The task: Down to the last line, set the entries down again exactly.

########################################

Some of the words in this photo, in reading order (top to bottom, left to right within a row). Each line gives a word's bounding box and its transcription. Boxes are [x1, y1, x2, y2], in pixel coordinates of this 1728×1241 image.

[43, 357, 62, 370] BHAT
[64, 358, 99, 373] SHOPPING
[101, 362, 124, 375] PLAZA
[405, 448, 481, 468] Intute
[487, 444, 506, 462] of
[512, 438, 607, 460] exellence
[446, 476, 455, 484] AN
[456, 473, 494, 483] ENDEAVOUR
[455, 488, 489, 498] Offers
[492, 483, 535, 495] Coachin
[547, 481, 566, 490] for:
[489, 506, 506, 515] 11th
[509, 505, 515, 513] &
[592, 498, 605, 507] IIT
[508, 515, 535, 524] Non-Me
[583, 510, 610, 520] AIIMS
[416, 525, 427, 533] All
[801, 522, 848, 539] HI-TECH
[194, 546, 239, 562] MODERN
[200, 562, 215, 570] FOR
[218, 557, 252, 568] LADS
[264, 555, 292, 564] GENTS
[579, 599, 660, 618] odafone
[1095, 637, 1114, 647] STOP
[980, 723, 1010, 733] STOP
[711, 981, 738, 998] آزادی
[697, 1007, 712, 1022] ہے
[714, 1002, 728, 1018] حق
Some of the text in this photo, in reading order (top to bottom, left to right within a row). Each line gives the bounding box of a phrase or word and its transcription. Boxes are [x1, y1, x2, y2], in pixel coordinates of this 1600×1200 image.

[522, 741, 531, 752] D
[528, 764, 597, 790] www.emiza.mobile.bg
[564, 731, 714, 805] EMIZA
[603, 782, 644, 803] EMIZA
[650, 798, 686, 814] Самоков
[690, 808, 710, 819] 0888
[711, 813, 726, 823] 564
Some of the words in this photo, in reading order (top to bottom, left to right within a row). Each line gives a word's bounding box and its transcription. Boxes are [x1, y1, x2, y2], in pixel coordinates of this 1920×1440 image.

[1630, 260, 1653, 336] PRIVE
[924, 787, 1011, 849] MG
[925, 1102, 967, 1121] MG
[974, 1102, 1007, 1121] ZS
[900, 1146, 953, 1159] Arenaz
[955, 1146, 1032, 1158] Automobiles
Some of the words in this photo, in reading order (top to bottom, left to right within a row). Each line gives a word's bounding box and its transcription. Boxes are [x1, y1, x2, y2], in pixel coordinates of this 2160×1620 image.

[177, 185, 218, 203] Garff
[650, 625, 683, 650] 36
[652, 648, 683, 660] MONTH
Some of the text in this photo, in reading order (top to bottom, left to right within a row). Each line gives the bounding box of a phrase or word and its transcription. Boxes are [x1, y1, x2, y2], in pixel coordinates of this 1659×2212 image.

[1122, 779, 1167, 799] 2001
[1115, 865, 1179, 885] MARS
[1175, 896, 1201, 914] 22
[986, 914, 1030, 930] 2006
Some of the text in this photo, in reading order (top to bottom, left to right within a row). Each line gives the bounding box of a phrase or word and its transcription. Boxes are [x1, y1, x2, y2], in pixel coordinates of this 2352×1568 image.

########################################

Problem solution:
Some of the words in this photo, in reading order (top to bottom, left to right within a row). Each line gives a word's bounding box and its transcription. Boxes are [x1, y1, x2, y2], in pixel coordinates of this 1728×1241 image.

[43, 357, 62, 370] BHAT
[64, 358, 99, 373] SHOPPING
[101, 362, 124, 375] PLAZA
[405, 448, 481, 468] Intute
[487, 444, 506, 462] of
[512, 438, 607, 460] exellence
[446, 476, 455, 484] AN
[456, 473, 494, 483] ENDEAVOUR
[455, 488, 489, 498] Offers
[492, 483, 535, 495] Coachin
[547, 481, 566, 490] for:
[489, 506, 506, 515] 11th
[509, 505, 515, 513] &
[592, 498, 605, 507] IIT
[508, 515, 535, 524] Non-Me
[583, 510, 610, 520] AIIMS
[416, 525, 427, 533] All
[801, 522, 848, 539] HI-TECH
[194, 546, 239, 562] MODERN
[200, 562, 215, 570] FOR
[218, 557, 252, 568] LADS
[264, 555, 292, 564] GENTS
[579, 599, 660, 618] odafone
[1095, 637, 1114, 647] STOP
[980, 723, 1010, 733] STOP
[711, 981, 738, 998] آزادی
[697, 1007, 712, 1022] ہے
[714, 1002, 728, 1018] حق
Some of the text in this photo, in reading order (top to bottom, left to right within a row). Each line gives the bounding box of a phrase or word and its transcription. Boxes are [x1, y1, x2, y2], in pixel coordinates of this 1600×1200 image.

[522, 741, 531, 752] D
[528, 764, 597, 790] www.emiza.mobile.bg
[564, 731, 714, 805] EMIZA
[603, 782, 644, 803] EMIZA
[650, 798, 686, 814] Самоков
[690, 808, 710, 819] 0888
[711, 813, 726, 823] 564
Some of the words in this photo, in reading order (top to bottom, left to right within a row). Each line gives a word's bounding box and its transcription. Boxes are [x1, y1, x2, y2], in pixel coordinates of this 1920×1440 image.

[1630, 260, 1653, 336] PRIVE
[924, 787, 1011, 849] MG
[925, 1102, 967, 1121] MG
[974, 1102, 1007, 1121] ZS
[900, 1146, 953, 1159] Arenaz
[955, 1146, 1032, 1158] Automobiles
Some of the words in this photo, in reading order (top to bottom, left to right within a row). Each line gives a word's bounding box and its transcription. Boxes are [x1, y1, x2, y2], in pixel coordinates of this 2160×1620 image.

[177, 185, 218, 203] Garff
[650, 625, 683, 650] 36
[652, 648, 683, 660] MONTH
Some of the text in this photo, in reading order (top to bottom, left to right within a row). Each line gives the bounding box of a phrase or word and its transcription. Boxes are [x1, y1, x2, y2], in pixel coordinates of this 1659×2212 image.

[1122, 779, 1167, 799] 2001
[1115, 865, 1179, 885] MARS
[1175, 896, 1201, 914] 22
[986, 914, 1030, 930] 2006
Some of the text in this photo, in reading order (top to bottom, left to right within a row). Each line gives the bounding box of a phrase or word and its transcription. Boxes are [x1, y1, x2, y2], in pixel coordinates of this 2352×1568 image.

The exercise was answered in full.